> _Brief_: Line by line, copy the entries exactly, excluding the pictures.

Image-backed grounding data
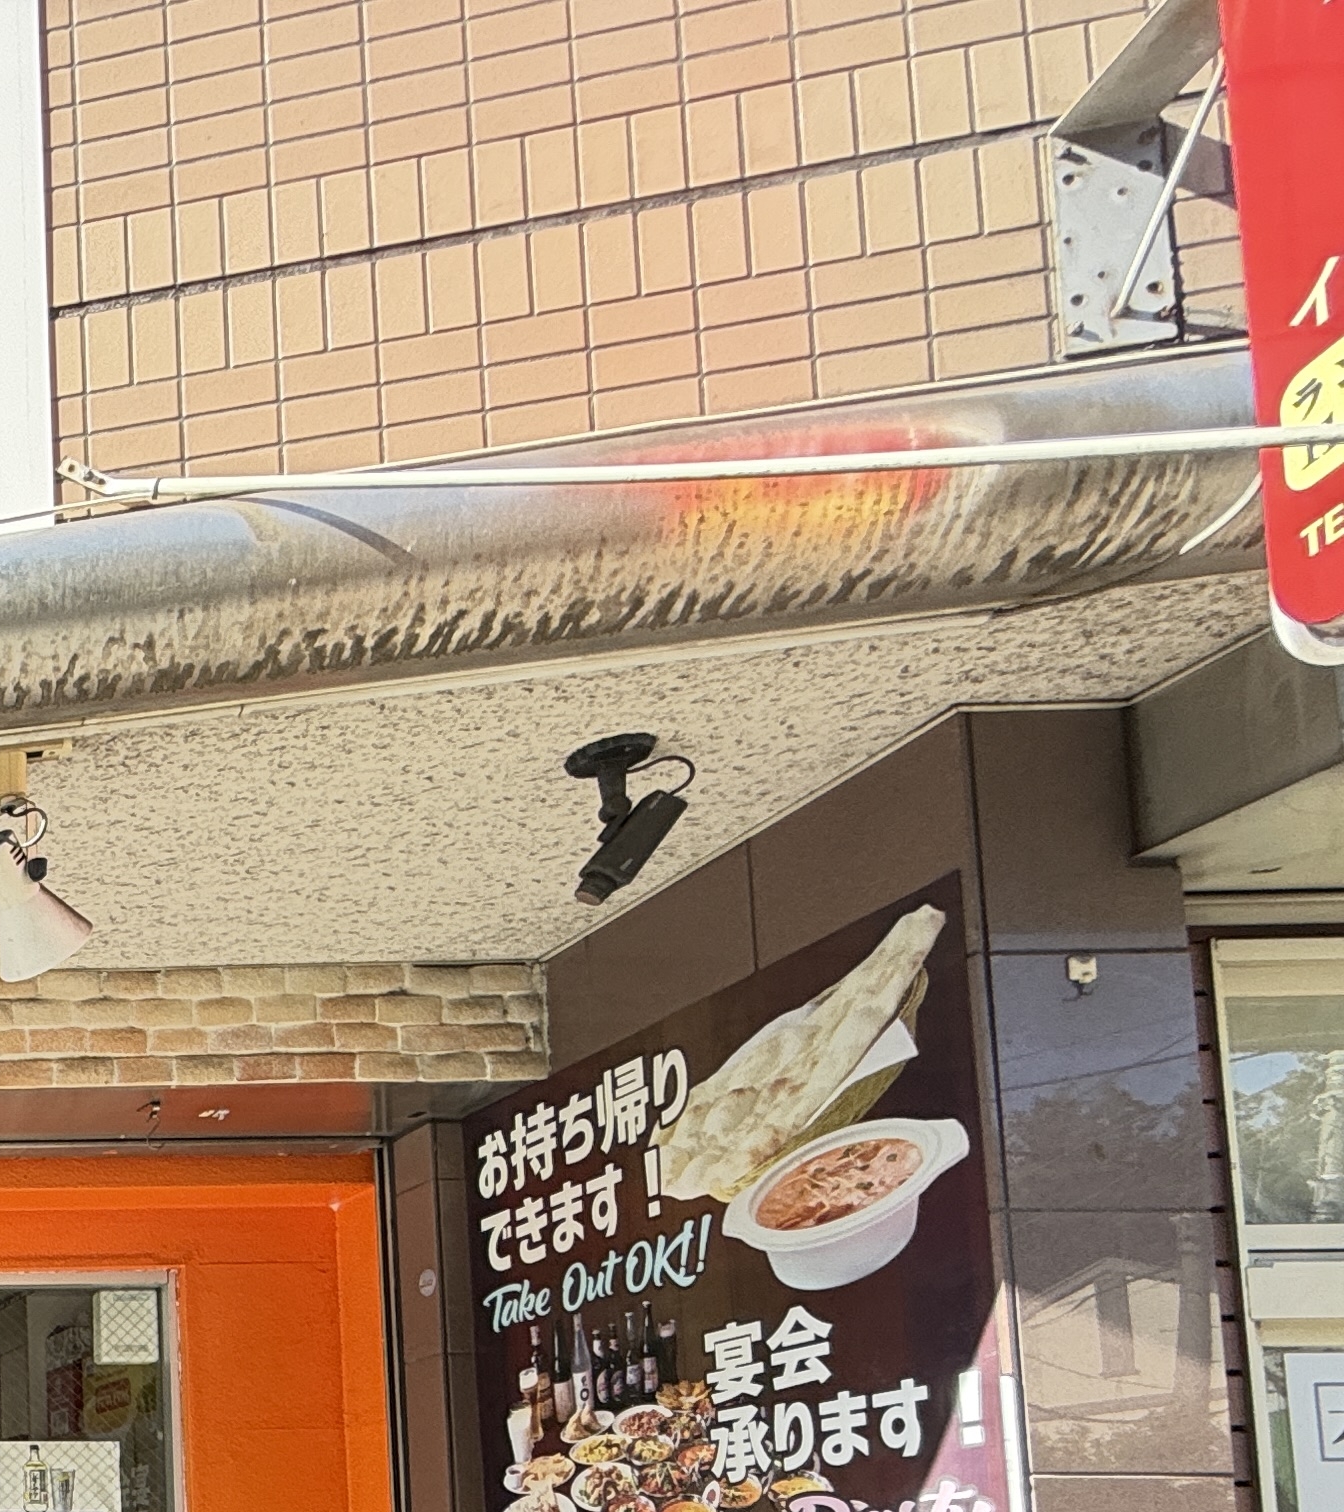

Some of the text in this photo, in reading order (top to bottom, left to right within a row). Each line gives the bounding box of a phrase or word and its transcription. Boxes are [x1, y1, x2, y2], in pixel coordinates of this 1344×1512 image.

[476, 1047, 689, 1199] お持ち帰り
[482, 1277, 551, 1335] Take
[563, 1255, 620, 1314] Out
[705, 1304, 834, 1404] 宴会
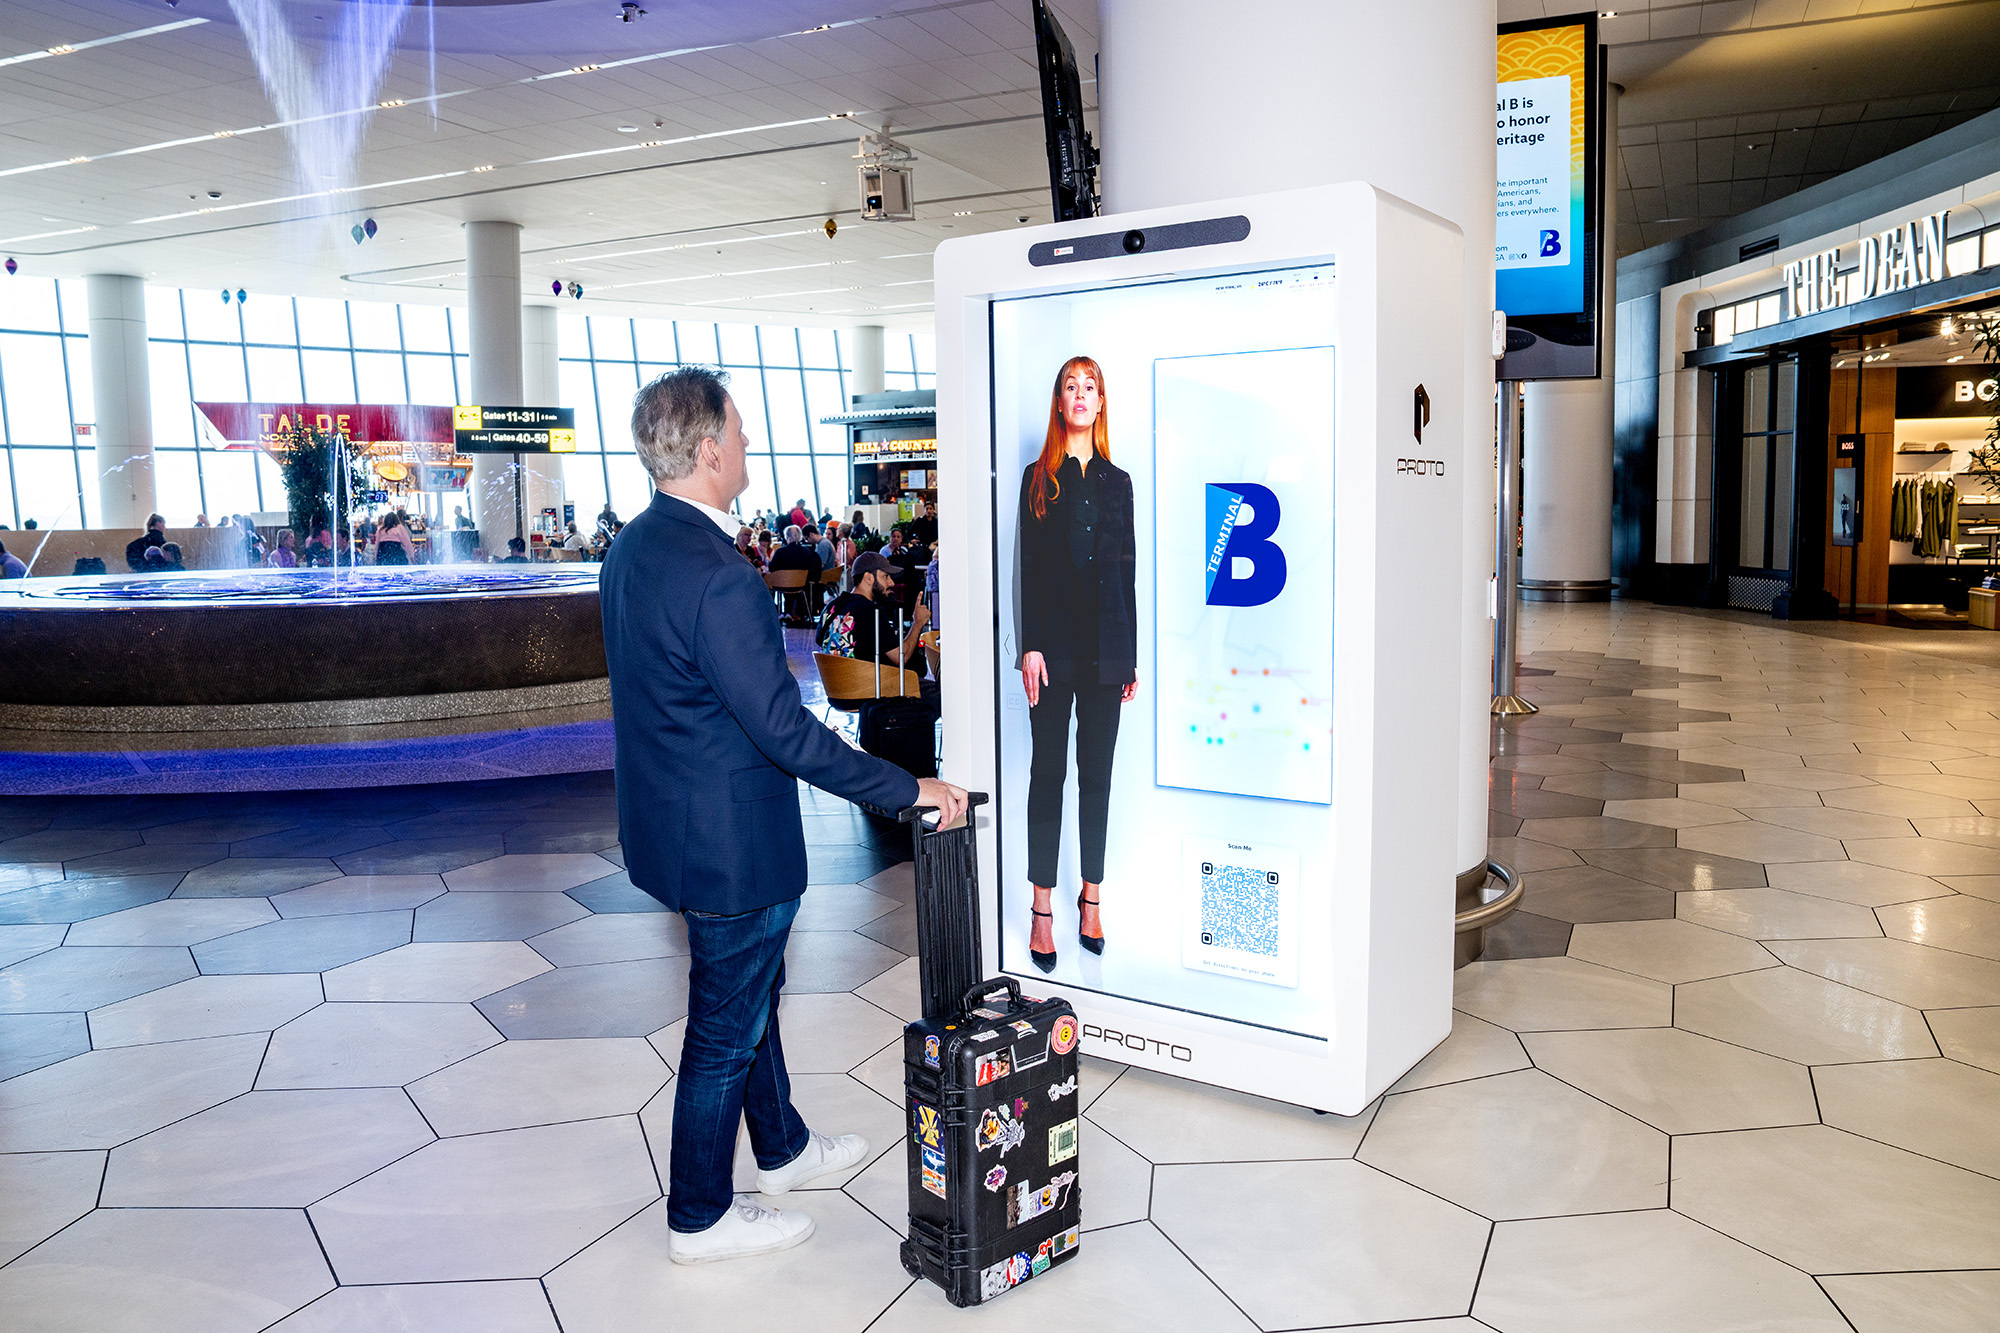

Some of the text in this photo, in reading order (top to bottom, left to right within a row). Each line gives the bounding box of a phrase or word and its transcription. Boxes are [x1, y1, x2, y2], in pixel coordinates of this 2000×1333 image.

[1510, 98, 1519, 110] B
[1522, 97, 1534, 109] is
[1509, 115, 1551, 127] honor
[1496, 133, 1545, 146] eritage
[1508, 177, 1548, 187] important
[1497, 188, 1541, 197] Americans,
[1518, 197, 1533, 206] and
[1510, 206, 1559, 216] everywhere.
[1783, 210, 1951, 320] THE DEAN
[482, 411, 506, 420] Gates
[506, 411, 535, 422] 11-31
[258, 413, 351, 434] TALDE
[492, 433, 516, 442] Gates
[516, 433, 549, 444] 40-59
[854, 441, 880, 454] HILL
[1841, 442, 1855, 450] BOSS
[1396, 458, 1445, 477] PROTO
[1205, 482, 1288, 607] TERMINAL B
[1082, 1023, 1192, 1062] PROTO

> _Result of the task_:
Some of the text in this photo, in reading order (top to bottom, left to right within a row). Each line gives the bounding box of a phrase or word and its transcription. Boxes are [x1, y1, x2, y2], in pixel coordinates of this 1344×1512 image.

[476, 1047, 689, 1199] お持ち帰り
[482, 1277, 551, 1335] Take
[563, 1255, 620, 1314] Out
[705, 1304, 834, 1404] 宴会

Some of the text in this photo, in reading order (top to bottom, left to right within a row). Each line gives the bounding box of a phrase or word and its transcription. Boxes are [x1, y1, x2, y2], in pixel coordinates of this 2000×1333 image.

[1510, 98, 1519, 110] B
[1522, 97, 1534, 109] is
[1509, 115, 1551, 127] honor
[1496, 133, 1545, 146] eritage
[1508, 177, 1548, 187] important
[1497, 188, 1541, 197] Americans,
[1518, 197, 1533, 206] and
[1510, 206, 1559, 216] everywhere.
[1783, 210, 1951, 320] THE DEAN
[482, 411, 506, 420] Gates
[506, 411, 535, 422] 11-31
[258, 413, 351, 434] TALDE
[492, 433, 516, 442] Gates
[516, 433, 549, 444] 40-59
[854, 441, 880, 454] HILL
[1841, 442, 1855, 450] BOSS
[1396, 458, 1445, 477] PROTO
[1205, 482, 1288, 607] TERMINAL B
[1082, 1023, 1192, 1062] PROTO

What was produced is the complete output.